ACTIVITY
Make an exact copy of the records that follow, with each picture omitted.

EXERCISE MATERIALS

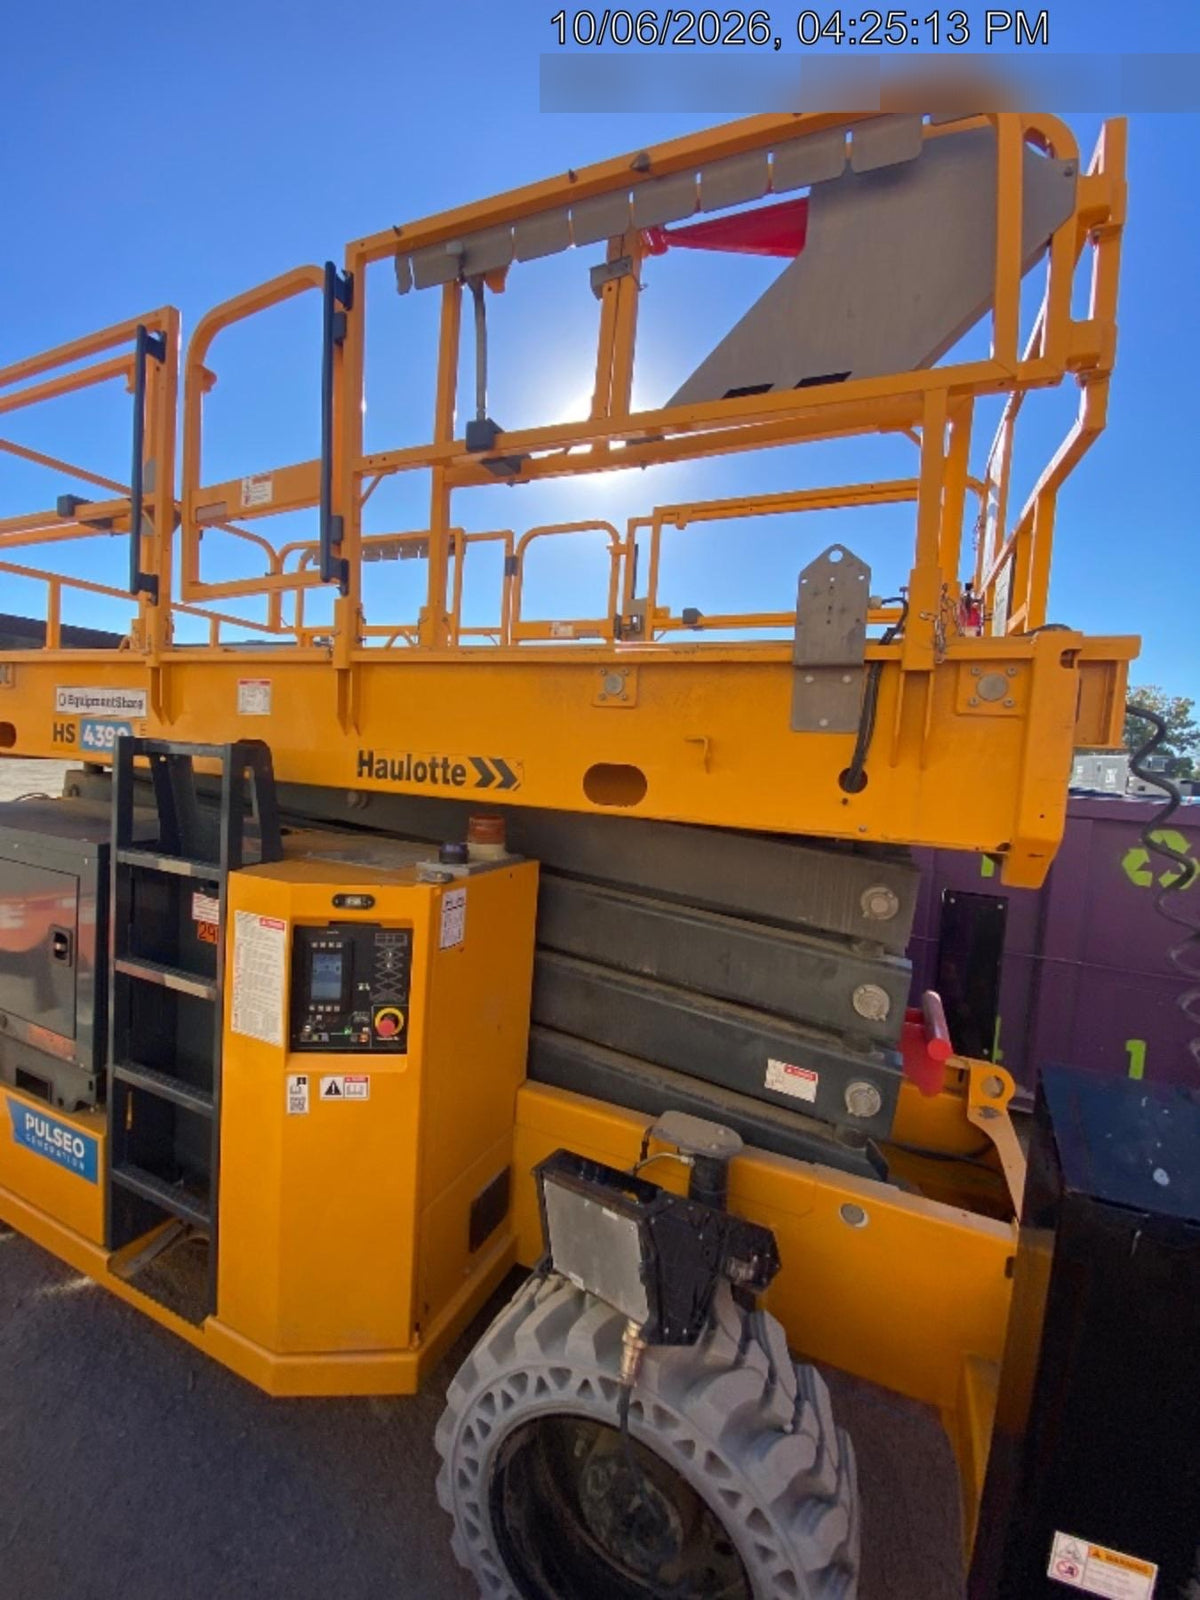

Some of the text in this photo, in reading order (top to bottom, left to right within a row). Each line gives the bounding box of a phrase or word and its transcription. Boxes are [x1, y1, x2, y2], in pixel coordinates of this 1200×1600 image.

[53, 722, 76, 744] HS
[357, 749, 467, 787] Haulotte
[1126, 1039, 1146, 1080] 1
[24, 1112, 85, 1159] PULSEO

THE ANSWER
Some of the text in this photo, in reading order (top to bottom, left to right within a row). Each line gives the bounding box of a phrase or word and its transcription. Boxes are [x1, y1, x2, y2], in pixel coordinates of this 1200×1600 image.

[53, 722, 76, 744] HS
[357, 749, 467, 787] Haulotte
[1126, 1039, 1146, 1080] 1
[24, 1112, 85, 1159] PULSEO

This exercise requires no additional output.